[Items listed in a dataset]
= = = = =
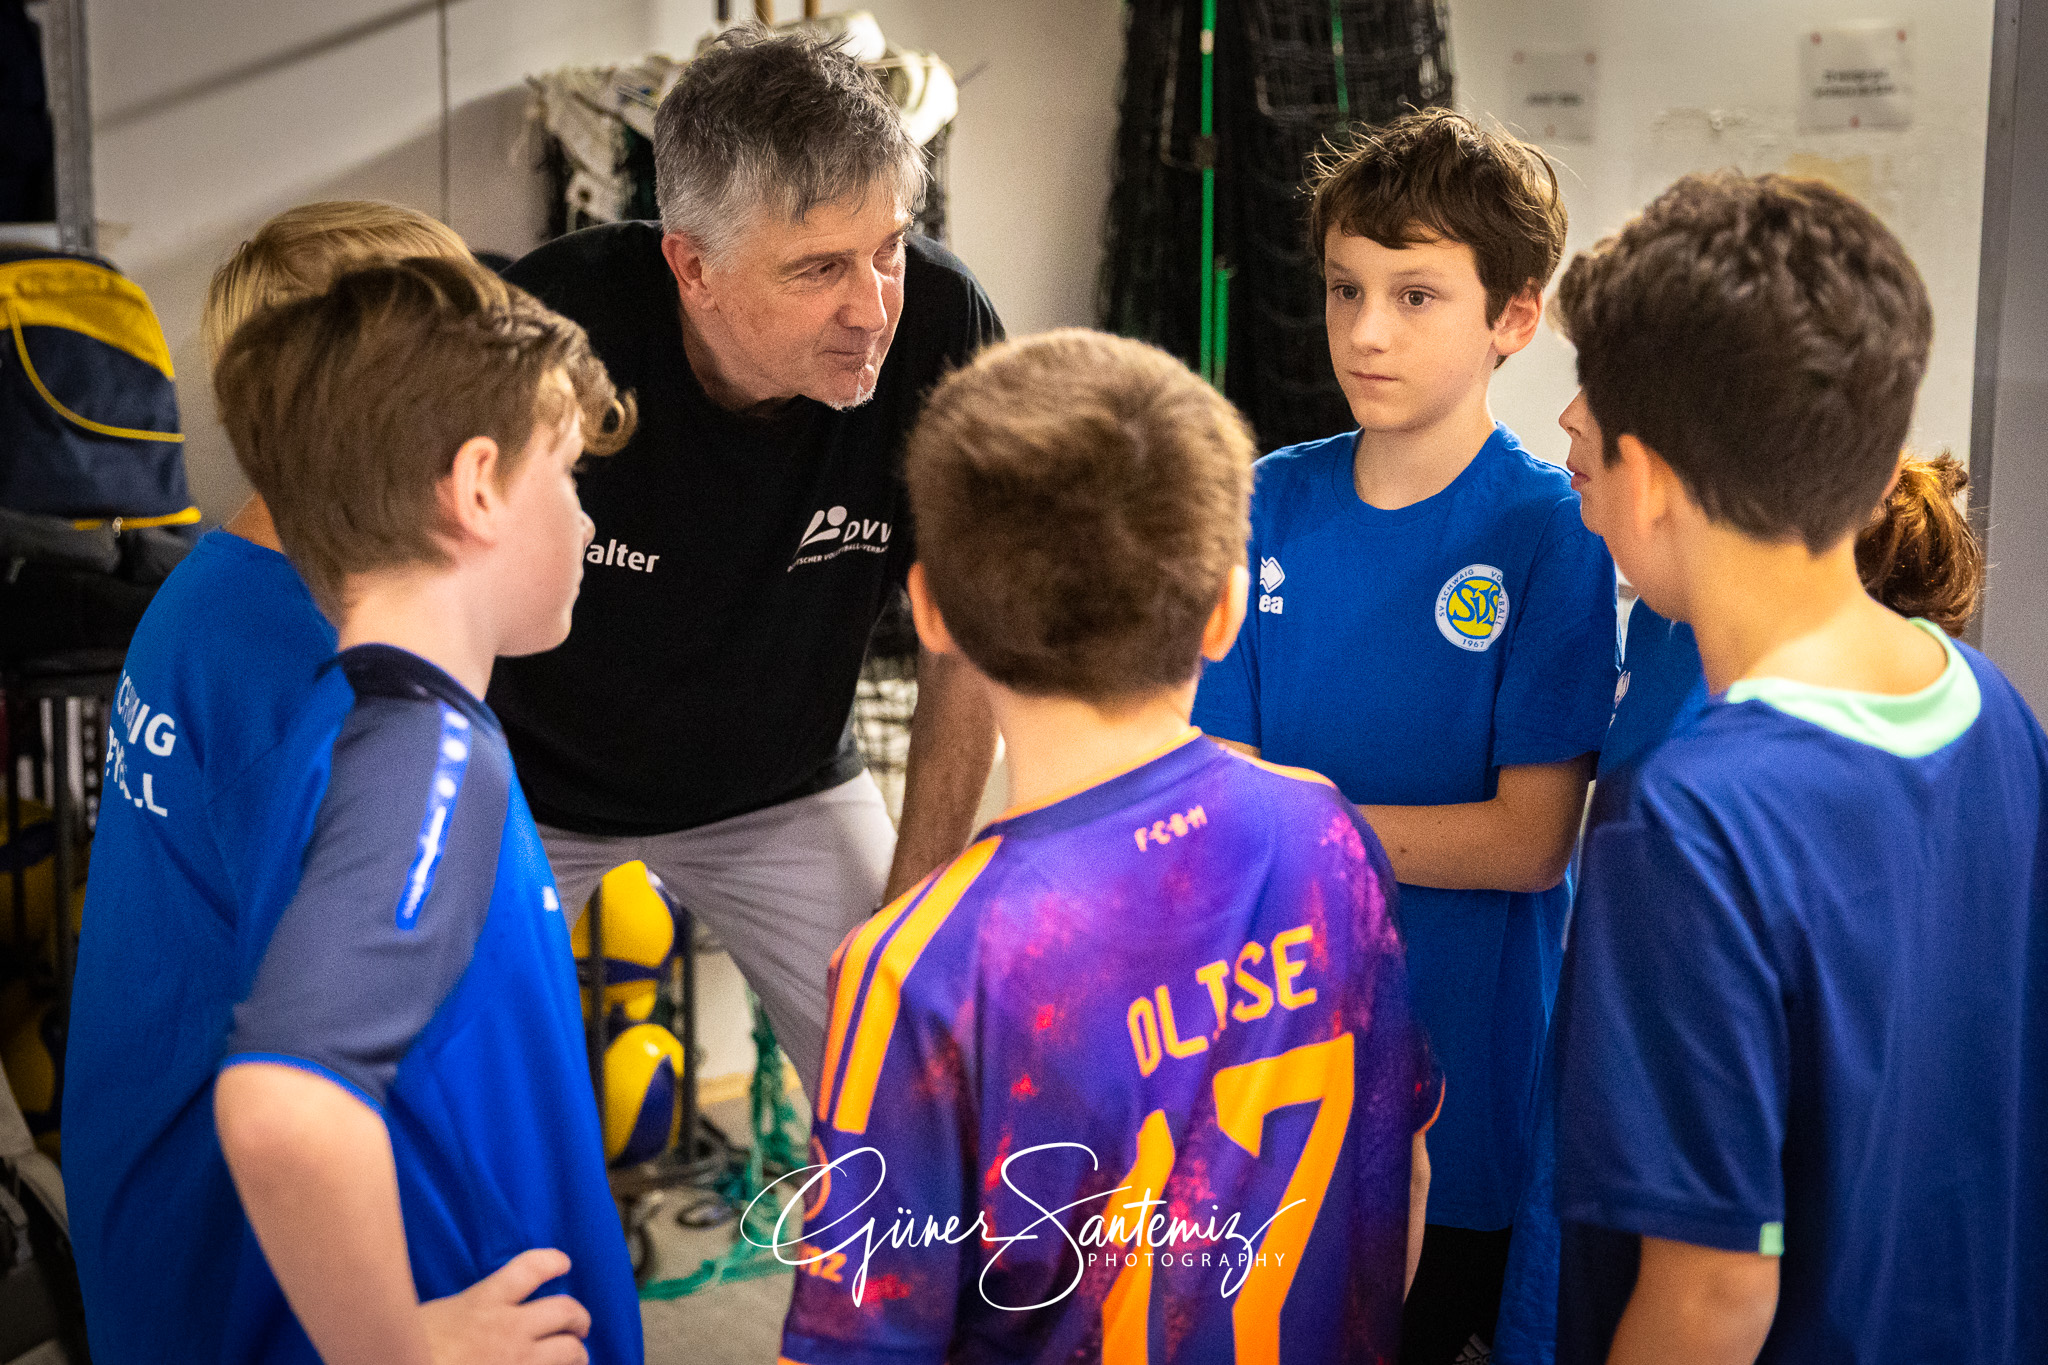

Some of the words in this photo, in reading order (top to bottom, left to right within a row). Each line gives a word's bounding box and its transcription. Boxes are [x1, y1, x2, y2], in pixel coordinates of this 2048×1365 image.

[584, 538, 660, 573] alter
[1441, 568, 1475, 602] SCHWAIG
[1462, 638, 1486, 648] 1967
[1101, 1031, 1355, 1365] 17
= = = = =
*About this exercise*
Write out the entries again, exactly as given, skipping any images.

*Exercise result*
Some of the words in this photo, in reading order (top to bottom, left to right within a row). Each line gives a word's bounding box and its transcription. Boxes are [x1, y1, x2, y2], in pixel coordinates of this 2048×1365 image.

[584, 538, 660, 573] alter
[1441, 568, 1475, 602] SCHWAIG
[1462, 638, 1486, 648] 1967
[1101, 1031, 1355, 1365] 17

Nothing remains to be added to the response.